- YOUR GOAL
Repeat the listing verbatim. Drop any pictures.

- STORED DATA

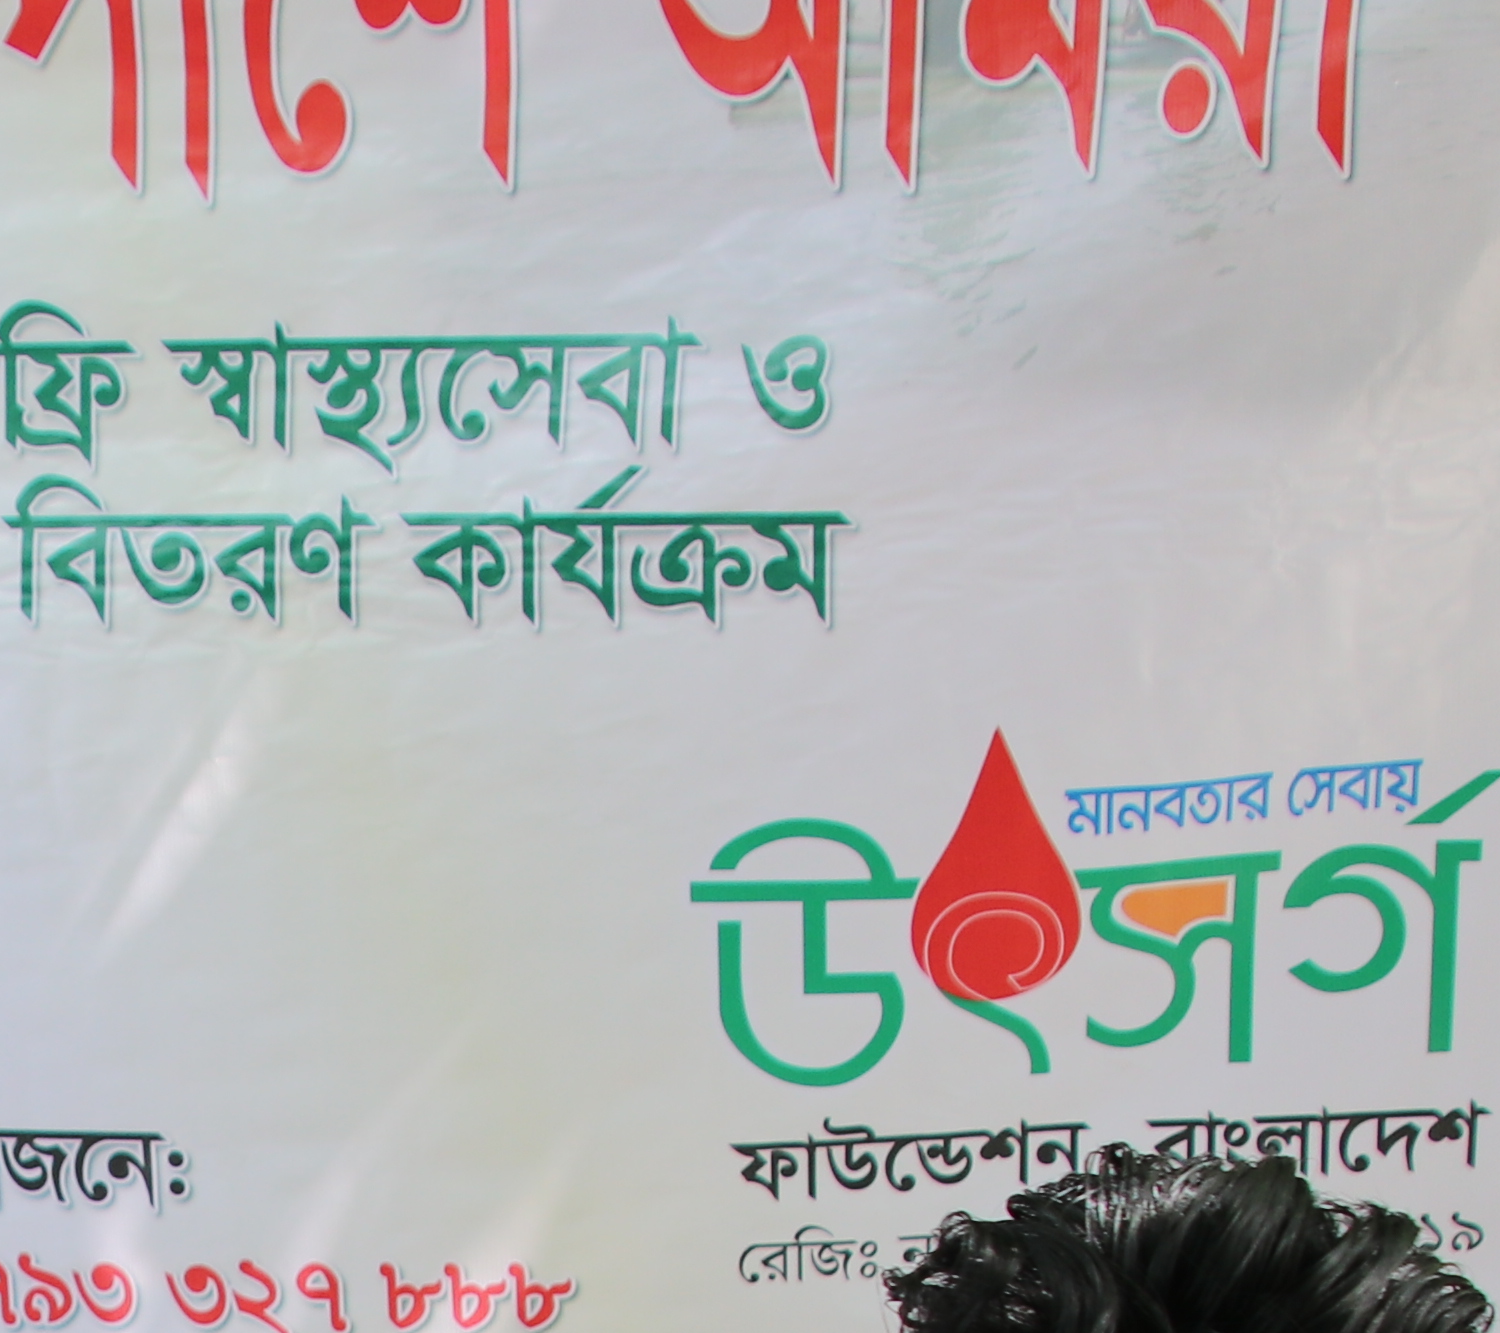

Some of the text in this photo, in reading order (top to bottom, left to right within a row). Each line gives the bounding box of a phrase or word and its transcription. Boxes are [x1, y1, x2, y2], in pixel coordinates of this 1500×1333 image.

[162, 315, 703, 474] স্বাস্থ্যসেবা
[741, 335, 829, 432] ও
[2, 473, 380, 626] বিতরণ
[400, 465, 854, 627] কার্যক্রম
[1063, 758, 1424, 837] মানবতার সেবায়
[729, 1117, 1092, 1200] ফাউন্ডেশন
[380, 1262, 576, 1331] ৮৮৮
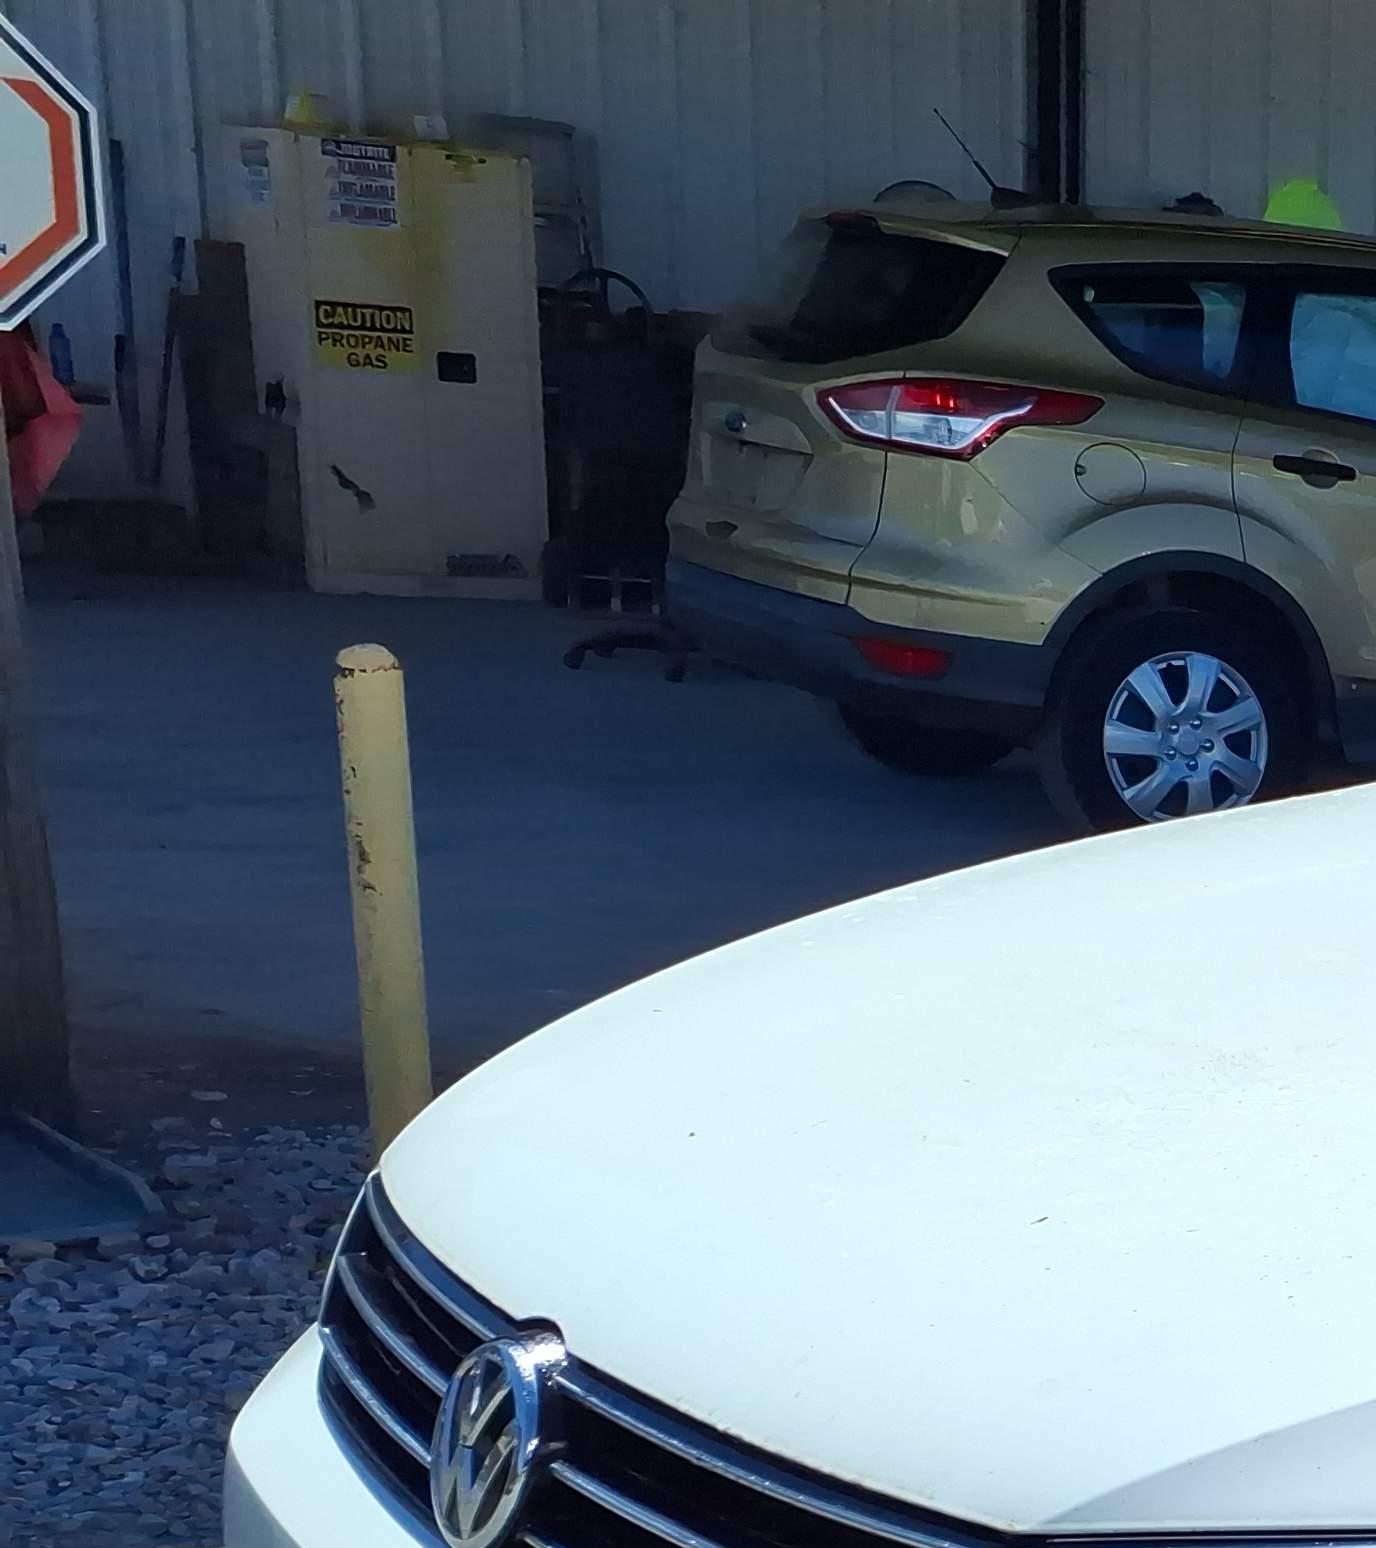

- ANSWER TO THIS TASK
Some of the text in this photo, in reading order (top to bottom, left to right within a row). Each line gives the bounding box of a phrase or word and its transcription. Boxes are [x1, y1, x2, y2], in pixel coordinates of this 1500×1333 image.

[162, 315, 703, 474] স্বাস্থ্যসেবা
[741, 335, 829, 432] ও
[2, 473, 380, 626] বিতরণ
[400, 465, 854, 627] কার্যক্রম
[1063, 758, 1424, 837] মানবতার সেবায়
[729, 1117, 1092, 1200] ফাউন্ডেশন
[380, 1262, 576, 1331] ৮৮৮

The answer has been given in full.